▸ PROBLEM STATEMENT
Lines before the one containing "Some of the text" are left out. Retype that line and the rest through the end of the material exactly.

▸ DATA TO EXAMINE
════════════════

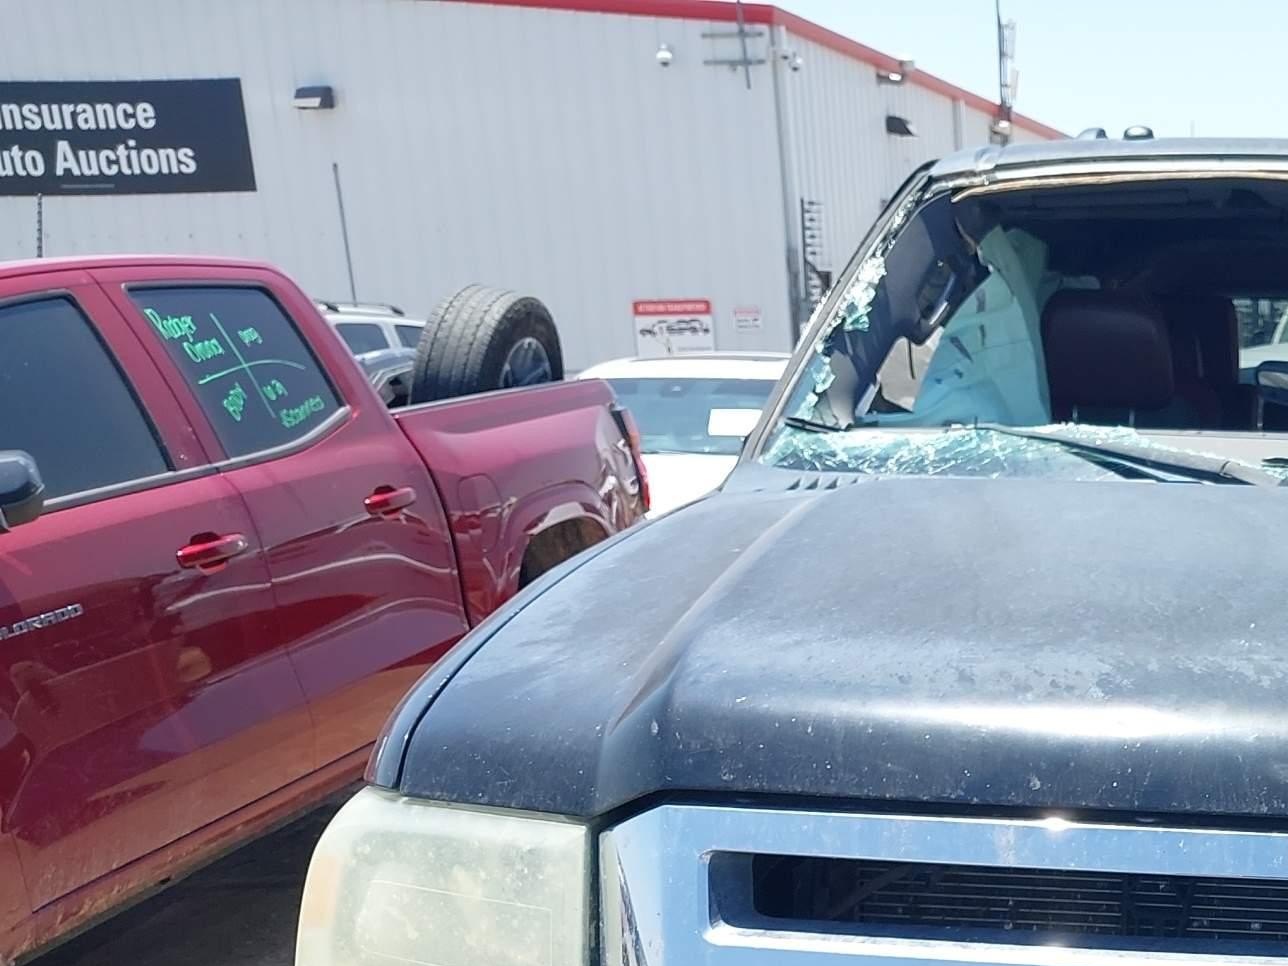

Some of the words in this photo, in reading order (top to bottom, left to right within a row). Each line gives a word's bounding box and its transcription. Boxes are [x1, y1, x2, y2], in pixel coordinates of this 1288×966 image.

[0, 101, 157, 131] nsurance
[0, 144, 46, 177] uto
[55, 139, 198, 177] Auctions
[0, 602, 84, 640] LORADO
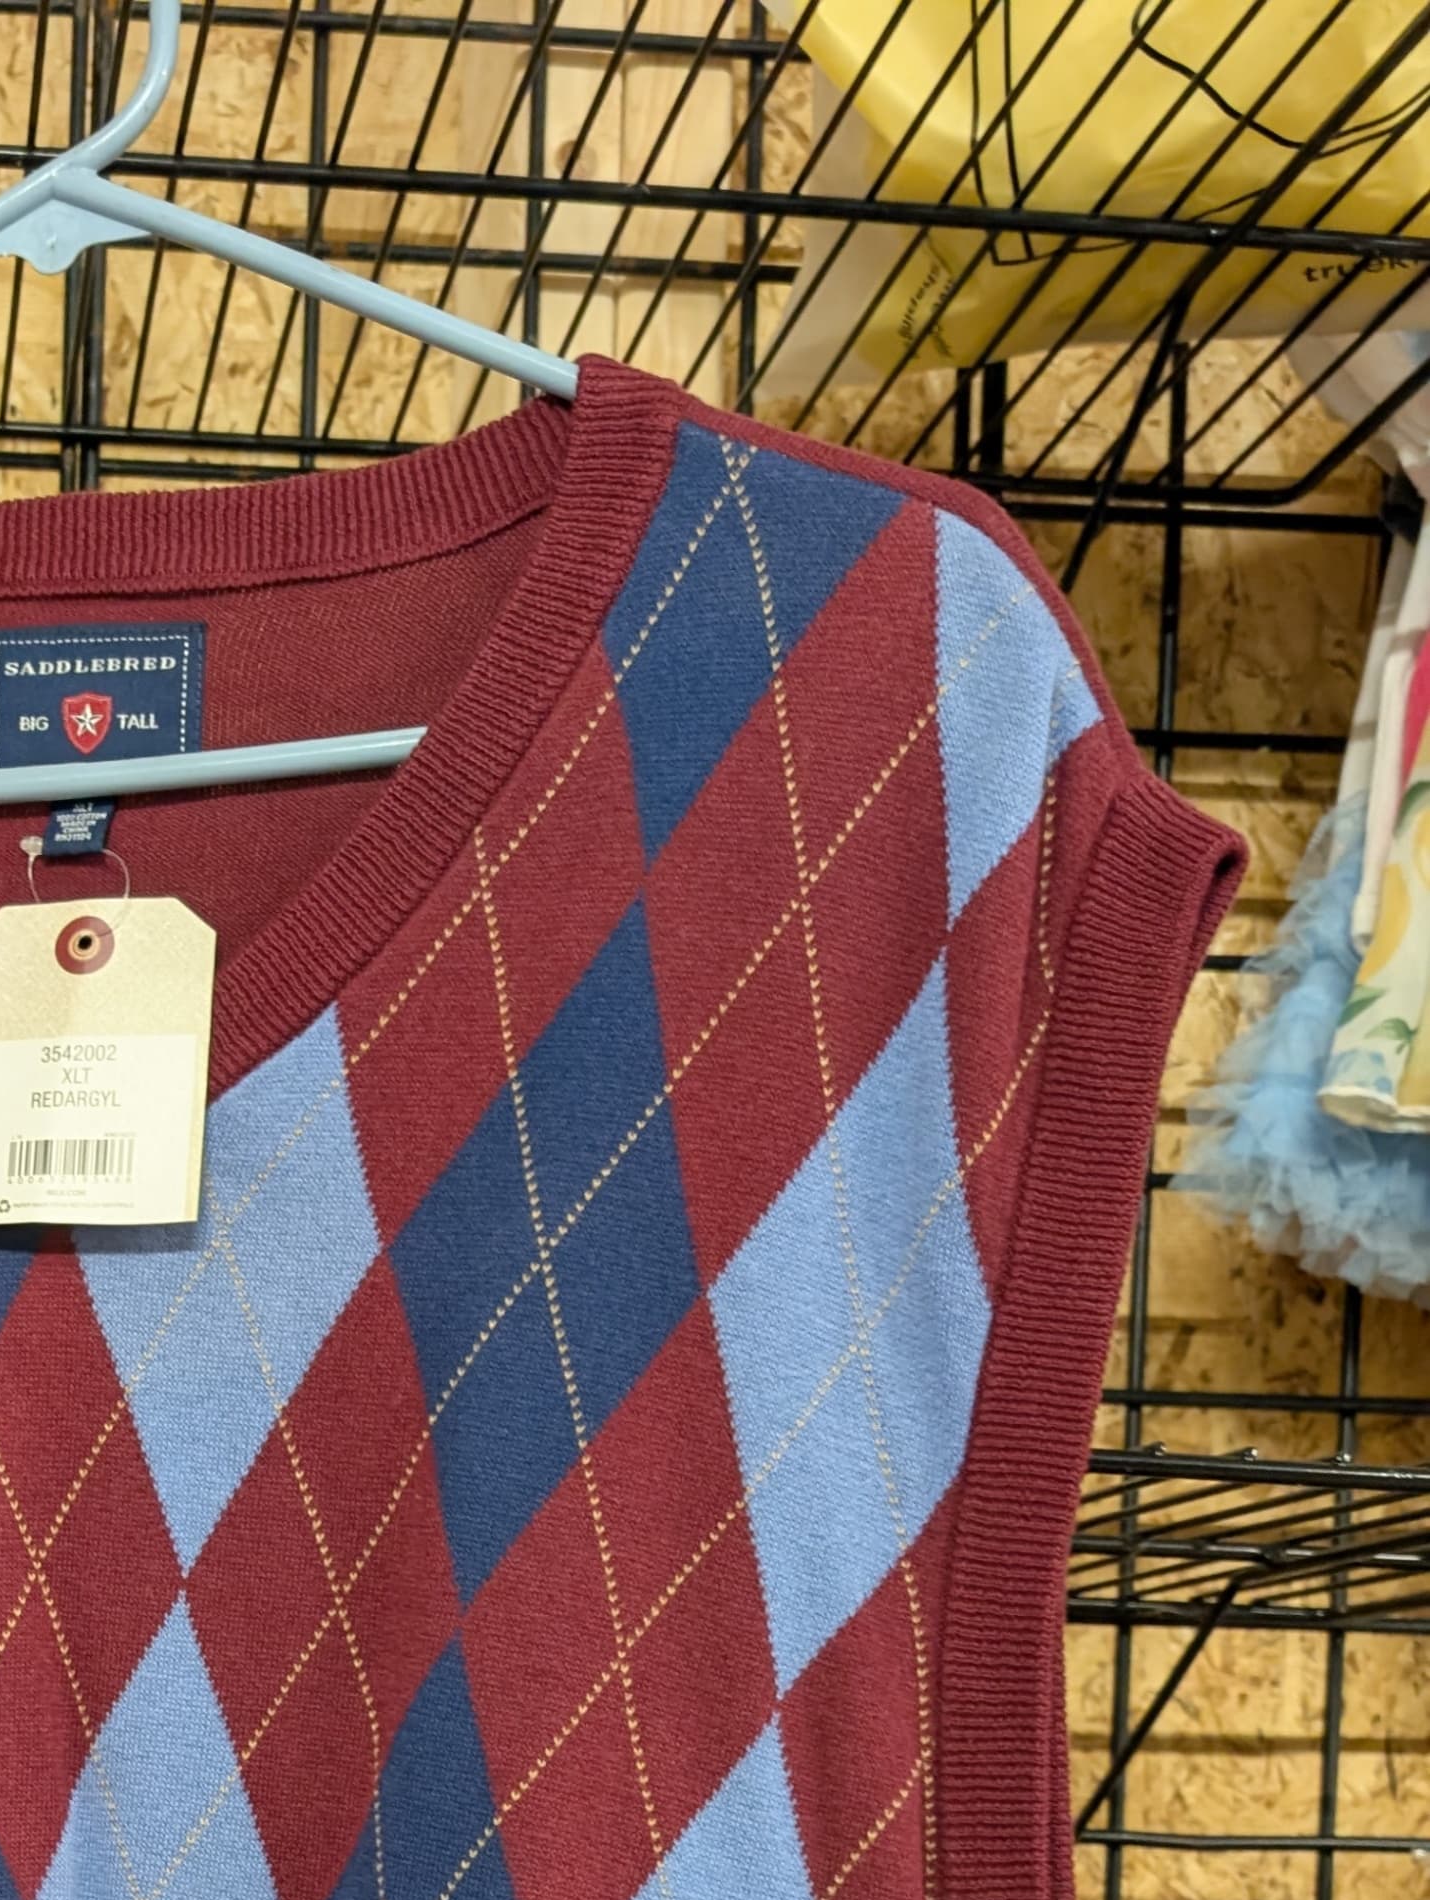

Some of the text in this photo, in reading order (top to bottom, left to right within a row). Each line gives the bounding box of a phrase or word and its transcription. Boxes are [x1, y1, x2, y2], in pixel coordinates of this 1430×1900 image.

[4, 656, 176, 677] SADDLEBRED
[19, 713, 158, 732] BIG TALL
[40, 1044, 117, 1063] 3542002
[61, 1067, 92, 1085] XLT
[31, 1089, 121, 1109] REDARGYL

════════════════

▸ WRITTEN RESPONSE
Some of the text in this photo, in reading order (top to bottom, left to right within a row). Each line gives the bounding box of a phrase or word and its transcription. Boxes are [x1, y1, x2, y2], in pixel coordinates of this 1430×1900 image.

[4, 656, 176, 677] SADDLEBRED
[19, 713, 158, 732] BIG TALL
[40, 1044, 117, 1063] 3542002
[61, 1067, 92, 1085] XLT
[31, 1089, 121, 1109] REDARGYL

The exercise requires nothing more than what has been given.